## WHAT IS BEING ASKED
Provide a verbatim copy of the data below.

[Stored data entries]

--- --- ---

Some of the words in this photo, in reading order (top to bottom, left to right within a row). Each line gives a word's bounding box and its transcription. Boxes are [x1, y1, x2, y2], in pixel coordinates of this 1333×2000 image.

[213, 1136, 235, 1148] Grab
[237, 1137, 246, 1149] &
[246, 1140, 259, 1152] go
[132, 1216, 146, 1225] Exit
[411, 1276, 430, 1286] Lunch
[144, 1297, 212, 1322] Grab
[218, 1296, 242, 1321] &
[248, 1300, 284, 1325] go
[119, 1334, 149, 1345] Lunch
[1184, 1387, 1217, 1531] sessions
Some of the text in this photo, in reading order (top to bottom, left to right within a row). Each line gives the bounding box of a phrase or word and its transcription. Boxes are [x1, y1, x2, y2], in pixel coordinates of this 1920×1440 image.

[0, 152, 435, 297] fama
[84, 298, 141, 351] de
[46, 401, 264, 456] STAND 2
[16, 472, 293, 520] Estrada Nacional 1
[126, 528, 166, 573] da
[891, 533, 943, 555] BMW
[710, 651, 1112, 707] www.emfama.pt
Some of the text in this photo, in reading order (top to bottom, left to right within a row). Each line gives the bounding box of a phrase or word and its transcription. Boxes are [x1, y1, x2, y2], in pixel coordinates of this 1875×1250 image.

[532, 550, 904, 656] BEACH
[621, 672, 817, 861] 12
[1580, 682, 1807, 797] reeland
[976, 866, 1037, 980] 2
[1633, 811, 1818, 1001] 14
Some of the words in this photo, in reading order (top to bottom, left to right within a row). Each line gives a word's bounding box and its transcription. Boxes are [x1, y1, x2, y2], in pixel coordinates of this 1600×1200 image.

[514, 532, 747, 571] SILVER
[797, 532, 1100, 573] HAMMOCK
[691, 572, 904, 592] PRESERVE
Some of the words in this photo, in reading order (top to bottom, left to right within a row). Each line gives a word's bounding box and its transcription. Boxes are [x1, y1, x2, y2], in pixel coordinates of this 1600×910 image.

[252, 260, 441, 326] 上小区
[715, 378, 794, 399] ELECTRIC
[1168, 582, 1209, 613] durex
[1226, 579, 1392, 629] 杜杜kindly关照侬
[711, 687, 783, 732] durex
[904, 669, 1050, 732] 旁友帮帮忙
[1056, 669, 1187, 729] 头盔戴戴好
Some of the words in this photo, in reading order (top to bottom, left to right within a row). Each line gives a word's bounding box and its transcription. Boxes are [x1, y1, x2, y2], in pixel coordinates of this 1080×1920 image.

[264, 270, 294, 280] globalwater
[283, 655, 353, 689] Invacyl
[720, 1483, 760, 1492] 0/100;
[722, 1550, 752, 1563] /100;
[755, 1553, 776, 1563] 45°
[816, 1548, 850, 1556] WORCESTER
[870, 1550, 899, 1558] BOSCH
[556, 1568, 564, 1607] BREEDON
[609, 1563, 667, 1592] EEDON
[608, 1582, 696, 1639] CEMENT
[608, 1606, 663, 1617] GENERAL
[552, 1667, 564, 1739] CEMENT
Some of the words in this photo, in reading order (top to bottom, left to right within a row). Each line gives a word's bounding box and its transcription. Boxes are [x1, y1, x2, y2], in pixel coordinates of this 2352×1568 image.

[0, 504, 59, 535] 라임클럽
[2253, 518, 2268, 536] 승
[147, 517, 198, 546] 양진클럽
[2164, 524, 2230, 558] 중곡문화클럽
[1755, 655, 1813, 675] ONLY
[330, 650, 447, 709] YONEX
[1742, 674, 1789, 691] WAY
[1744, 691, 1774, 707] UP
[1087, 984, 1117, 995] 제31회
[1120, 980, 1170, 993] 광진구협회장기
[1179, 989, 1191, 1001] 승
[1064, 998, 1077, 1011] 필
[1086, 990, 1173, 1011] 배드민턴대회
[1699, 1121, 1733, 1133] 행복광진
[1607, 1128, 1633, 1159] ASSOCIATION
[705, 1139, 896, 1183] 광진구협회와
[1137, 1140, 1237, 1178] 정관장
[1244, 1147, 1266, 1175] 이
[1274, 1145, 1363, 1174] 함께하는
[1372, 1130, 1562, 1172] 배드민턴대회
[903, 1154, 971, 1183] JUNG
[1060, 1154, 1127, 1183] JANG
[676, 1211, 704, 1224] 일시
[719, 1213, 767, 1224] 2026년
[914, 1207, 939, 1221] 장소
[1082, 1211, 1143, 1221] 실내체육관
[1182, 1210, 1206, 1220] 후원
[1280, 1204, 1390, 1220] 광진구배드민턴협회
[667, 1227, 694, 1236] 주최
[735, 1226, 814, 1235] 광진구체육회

--- --- ---

## TASK ANSWER
Some of the words in this photo, in reading order (top to bottom, left to right within a row). Each line gives a word's bounding box and its transcription. Boxes are [x1, y1, x2, y2], in pixel coordinates of this 1333×2000 image.

[213, 1136, 235, 1148] Grab
[237, 1137, 246, 1149] &
[246, 1140, 259, 1152] go
[132, 1216, 146, 1225] Exit
[411, 1276, 430, 1286] Lunch
[144, 1297, 212, 1322] Grab
[218, 1296, 242, 1321] &
[248, 1300, 284, 1325] go
[119, 1334, 149, 1345] Lunch
[1184, 1387, 1217, 1531] sessions
Some of the text in this photo, in reading order (top to bottom, left to right within a row). Each line gives the bounding box of a phrase or word and its transcription. Boxes are [x1, y1, x2, y2], in pixel coordinates of this 1920×1440 image.

[0, 152, 435, 297] fama
[84, 298, 141, 351] de
[46, 401, 264, 456] STAND 2
[16, 472, 293, 520] Estrada Nacional 1
[126, 528, 166, 573] da
[891, 533, 943, 555] BMW
[710, 651, 1112, 707] www.emfama.pt
Some of the text in this photo, in reading order (top to bottom, left to right within a row). Each line gives the bounding box of a phrase or word and its transcription. Boxes are [x1, y1, x2, y2], in pixel coordinates of this 1875×1250 image.

[532, 550, 904, 656] BEACH
[621, 672, 817, 861] 12
[1580, 682, 1807, 797] reeland
[976, 866, 1037, 980] 2
[1633, 811, 1818, 1001] 14
Some of the words in this photo, in reading order (top to bottom, left to right within a row). Each line gives a word's bounding box and its transcription. Boxes are [x1, y1, x2, y2], in pixel coordinates of this 1600×1200 image.

[514, 532, 747, 571] SILVER
[797, 532, 1100, 573] HAMMOCK
[691, 572, 904, 592] PRESERVE
Some of the words in this photo, in reading order (top to bottom, left to right within a row). Each line gives a word's bounding box and its transcription. Boxes are [x1, y1, x2, y2], in pixel coordinates of this 1600×910 image.

[252, 260, 441, 326] 上小区
[715, 378, 794, 399] ELECTRIC
[1168, 582, 1209, 613] durex
[1226, 579, 1392, 629] 杜杜kindly关照侬
[711, 687, 783, 732] durex
[904, 669, 1050, 732] 旁友帮帮忙
[1056, 669, 1187, 729] 头盔戴戴好
Some of the words in this photo, in reading order (top to bottom, left to right within a row). Each line gives a word's bounding box and its transcription. Boxes are [x1, y1, x2, y2], in pixel coordinates of this 1080×1920 image.

[264, 270, 294, 280] globalwater
[283, 655, 353, 689] Invacyl
[720, 1483, 760, 1492] 0/100;
[722, 1550, 752, 1563] /100;
[755, 1553, 776, 1563] 45°
[816, 1548, 850, 1556] WORCESTER
[870, 1550, 899, 1558] BOSCH
[556, 1568, 564, 1607] BREEDON
[609, 1563, 667, 1592] EEDON
[608, 1582, 696, 1639] CEMENT
[608, 1606, 663, 1617] GENERAL
[552, 1667, 564, 1739] CEMENT
Some of the words in this photo, in reading order (top to bottom, left to right within a row). Each line gives a word's bounding box and its transcription. Boxes are [x1, y1, x2, y2], in pixel coordinates of this 2352×1568 image.

[0, 504, 59, 535] 라임클럽
[2253, 518, 2268, 536] 승
[147, 517, 198, 546] 양진클럽
[2164, 524, 2230, 558] 중곡문화클럽
[1755, 655, 1813, 675] ONLY
[330, 650, 447, 709] YONEX
[1742, 674, 1789, 691] WAY
[1744, 691, 1774, 707] UP
[1087, 984, 1117, 995] 제31회
[1120, 980, 1170, 993] 광진구협회장기
[1179, 989, 1191, 1001] 승
[1064, 998, 1077, 1011] 필
[1086, 990, 1173, 1011] 배드민턴대회
[1699, 1121, 1733, 1133] 행복광진
[1607, 1128, 1633, 1159] ASSOCIATION
[705, 1139, 896, 1183] 광진구협회와
[1137, 1140, 1237, 1178] 정관장
[1244, 1147, 1266, 1175] 이
[1274, 1145, 1363, 1174] 함께하는
[1372, 1130, 1562, 1172] 배드민턴대회
[903, 1154, 971, 1183] JUNG
[1060, 1154, 1127, 1183] JANG
[676, 1211, 704, 1224] 일시
[719, 1213, 767, 1224] 2026년
[914, 1207, 939, 1221] 장소
[1082, 1211, 1143, 1221] 실내체육관
[1182, 1210, 1206, 1220] 후원
[1280, 1204, 1390, 1220] 광진구배드민턴협회
[667, 1227, 694, 1236] 주최
[735, 1226, 814, 1235] 광진구체육회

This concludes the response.